Fleur et pollinisateur, une histoire d'amour qui dure Aux côtés des abeilles et papillons, de nombreux autres insectes et animaux participent à la pollinisation des plantes à fleur

Une des plus longues histoires d'Amour est peut-être celle qui unit les plantes à leur pollinisateur... Une relation parfois unique, souvent multiple, où chaque partie offre à l'autre un service indispensable : se nourrir, et se reproduire.

Jerzy Strzelecki

L'abeille occupe la plus haute marche du podium des pollinisateurs : elle visite plus de 90% des principales cultures à travers le monde. Si l'objectif est souvent braqué vers ce pollinisateur majeur, de nombreux autres insectes et animaux jouent aussi ce rôle de pollinisation.

En Europe, la majorité des plantes à fleurs est pollinisée par ces quatre ordres d'insectes : les hyménoptères (abeilles, bourdons), les lépidoptères (papillons), les diptères (mouches) et les coléoptères. Dans d'autres endroits du monde, oiseaux, chauve-souris, primates ou encore reptiles ont aussi leur mot à dire.

La chauve-souris Leptonycteris yerbaenae (en haut à gauche), le colibri madère, le lémurien de Madagascar et le gecko vert des Hauts sont de fervents adorateurs de fleurs. Copyright : US Departement of Agriculture (gauche) Charles J. Sharp (droite).

Alors que la majorité des pollinisateurs obtiennent de la nourriture en visitant les fleurs, certains se font tout simplement duper par la plante. Et les orchidées sont assez douées en la matière, plusieurs espèces imitant la morphologie et les phéromones sexuels de la femelle de son pollinisateur. Un leurre sexuel qui entraîne une "pseudocopulation", permettant à la fleur de déposer ses grains de pollen sur le mâle leurré.

D'autres orchidées conçoivent carrément des pièges. Le sabot de Vénus, par exemple, a son nectar au fond de son sabot, obligeant son pollinisateur à passer par un chemin bien particulier, où il emmenera du pollen au passage.

La biodiversité est en berne, et malheureusement les espèces pollinisatrices n'échappent pas à la règle... Beaucoup de leurs populations sont en déclin, principalement à cause de l'agriculture intensive, de l'usage des herbicides et insecticides, du morcellement et de la diminution de leurs habitats naturels ou encore à cause de parasites, comme dans le cas des abeilles.
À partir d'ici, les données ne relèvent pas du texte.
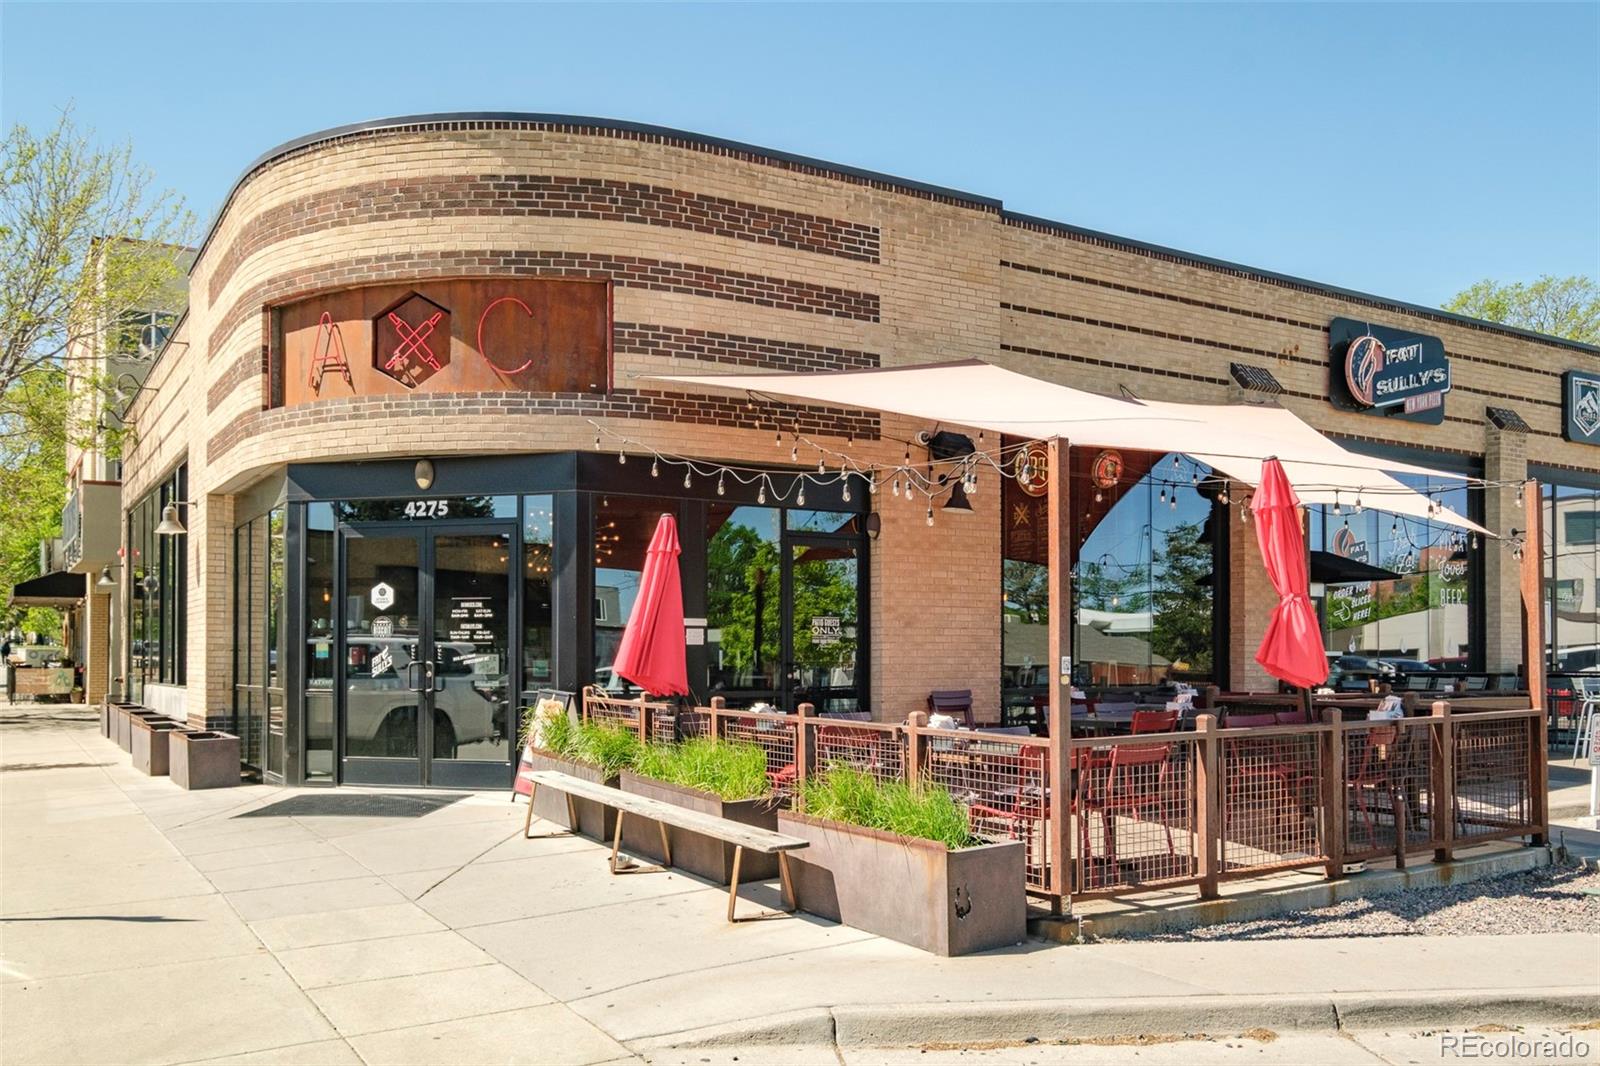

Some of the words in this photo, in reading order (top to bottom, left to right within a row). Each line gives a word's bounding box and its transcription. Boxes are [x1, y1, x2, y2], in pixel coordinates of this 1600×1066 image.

Le citoyen peut, à son niveau, lui aussi, aider à la préservation des pollinisateurs de nos régions. Planter des espèces indigènes, des espèces nectarifères, laisser une partie de son jardin à l'état sauvage, ne pas utiliser d'herbicide (chimique ou "naturel", le vinaigre ou le sel étant aussi très toxique pour la terre) sont des gestes simples qui feront revenir bourdons, abeilles, papillons et coléoptères dans les jardins.